Within one week after each broadcast, the awardee will provide the DLA 
a live and active link to the archived version of the broadcast. Within 
sixty (60) days after each broadcast, the awardee will provide the DLA 
five master copies of the edited and approved broadcast. These copies 
must be provided on a single-sided DVD. The broadcast footage will need 
to be edited to include a splash page that provides an outline/menu of 
the content of the broadcast by modules, and/or other appropriate 
categories to assist users in finding specific content in which they 
may have an interest. Additionally, any original vignettes produced for 
the broadcast must be included on the DVD. All edits must be approved 
by the DLA.
    Transmission: The producer will (1) purchase satellite uplink time 
that will include the footprints of Alaska, Hawaii, the Virgin Islands, 
and the continental United States; (2) acquire downlink transponder 
time from Ku band; (3) purchase Internet streaming of 200 simultaneous 
feeds for each program, and (4) be able to provide closed captioning on 
the final edited DVD of each production. For each broadcast, the 
awardee will test the Internet link and streaming. The test should 
verify connectivity to the site, as well as audio and video quality. 

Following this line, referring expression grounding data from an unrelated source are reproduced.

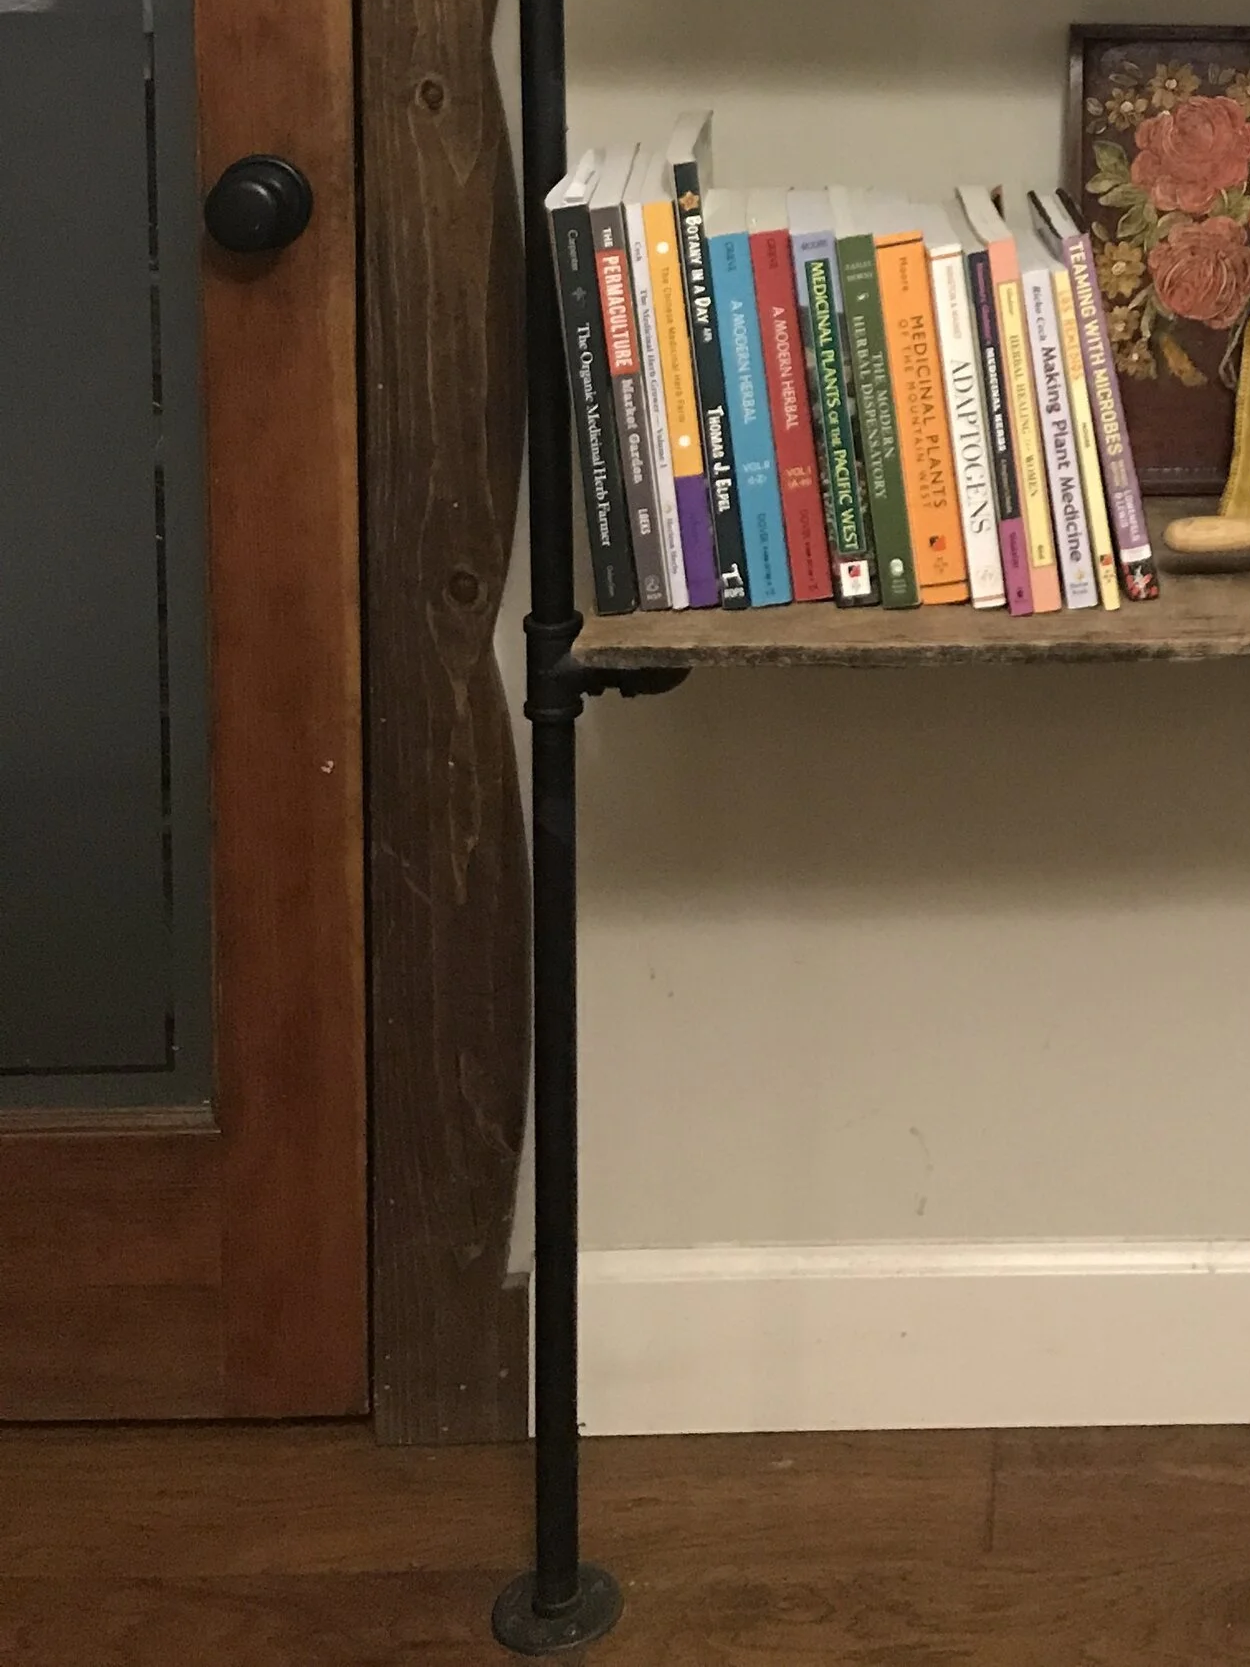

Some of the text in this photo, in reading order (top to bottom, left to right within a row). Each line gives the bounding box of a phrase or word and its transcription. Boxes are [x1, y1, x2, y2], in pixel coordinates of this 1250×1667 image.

[602, 228, 614, 248] THE
[685, 215, 703, 265] BOTANY
[691, 269, 704, 281] IN
[693, 285, 706, 294] A
[1069, 241, 1097, 318] TEAMING
[602, 255, 633, 368] PERMACULTURE
[694, 297, 712, 324] DAY
[810, 261, 833, 347] MEDICINAL
[577, 322, 591, 350] The
[730, 300, 757, 425] A MODERN HERBAL
[1010, 334, 1024, 381] HERBAL
[1083, 321, 1106, 366] WITH
[578, 351, 597, 403] Organic
[772, 306, 799, 431] A MODERN HERBAL
[820, 350, 842, 409] PLANTS
[1041, 346, 1061, 415] Making
[621, 378, 638, 430] Market
[853, 315, 888, 499] HERBAL DISPENSATORY
[872, 351, 896, 458] THE MODERN
[899, 319, 933, 509] OF THE MOUNTAIN WEST
[910, 315, 948, 509] MEDICINAL PLANTS
[985, 346, 1001, 413] MEDICINAL
[994, 413, 1007, 452] HERBS
[1015, 382, 1030, 436] HEALING
[1092, 367, 1124, 456] MICROBES
[586, 402, 606, 465] Medicinal
[628, 433, 643, 484] Garden
[707, 405, 725, 459] THOMAS
[830, 426, 842, 447] THE
[951, 360, 992, 535] ADAPTOGENS
[1052, 419, 1072, 471] Plant
[593, 465, 609, 502] Herb
[833, 449, 853, 505] PACIFIC
[1024, 454, 1039, 498] WOMEN
[596, 501, 611, 547] Farmer
[839, 509, 859, 550] WEST
[1059, 476, 1083, 564] Medicine
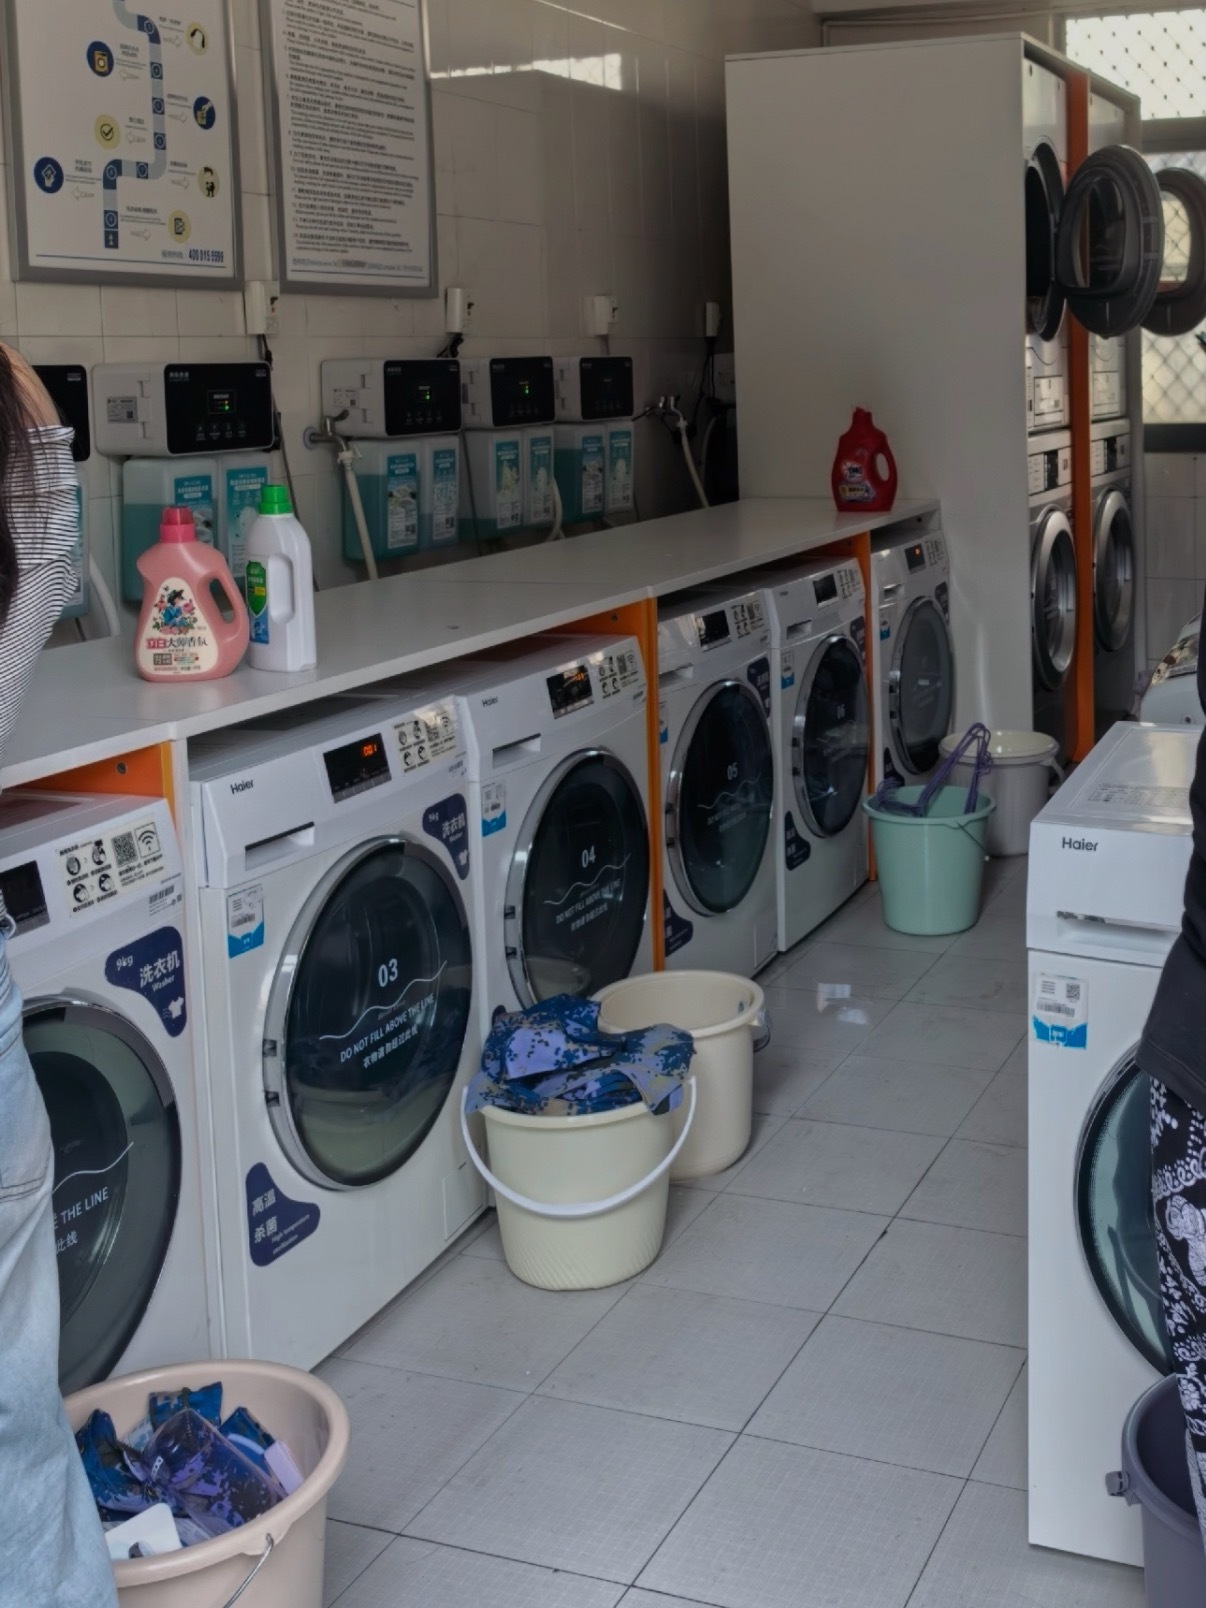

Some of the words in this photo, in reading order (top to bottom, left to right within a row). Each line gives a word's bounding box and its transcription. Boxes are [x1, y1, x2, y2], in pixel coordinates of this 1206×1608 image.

The test must occur at least 72 hours prior to the start of the live 
broadcast. The awardee will provide real-time, live, toll-free 
telephone support to participant sites or individual participants to 
address access, connectivity, and quality issues on the day of the live 
broadcast beginning at least 1 hour in advance of the broadcast and 
continuing through the broadcast.
    Equipment: Applicants must have a minimum of the following 
equipment: Broadcast studio of approximately 2,000 square feet, with an 
area for a studio audience of 10 to 20 people; four digital studio 
cameras (one of which must be an overhead camera with robotic control); 
chroma key: At least one wall with chroma key capability, along with a 
digital ultimate keying system, a tape operation facility providing 
playback/record in various formats, including DVD, Betacam, Betacam SP, 
SVHS, VHS, U-Matic \3/4\; and SP, and Advit, or comparable editing bay; 
three-dimensional animation with computer graphics; Internet streaming 
capacity for several hundred simultaneous downloads in both G2 Real 
Player and Microsoft Media Player-Capture Closed Captioning; archive 
ability for all satellite/Internet broadcasts from this agreement; 
computer teleprompter for at least three studio cameras; interruptible 
fold back (IFB) or in-ear monitor (IEM) for all key presenters and the 
moderator/hosts during each live broadcast with individual control from 
the control room and the DLA; wireless microphones for each presenter/
all talent during the live broadcasts; and microphones for the studio 
audience at each roundtable (they should be able to pick up audio) 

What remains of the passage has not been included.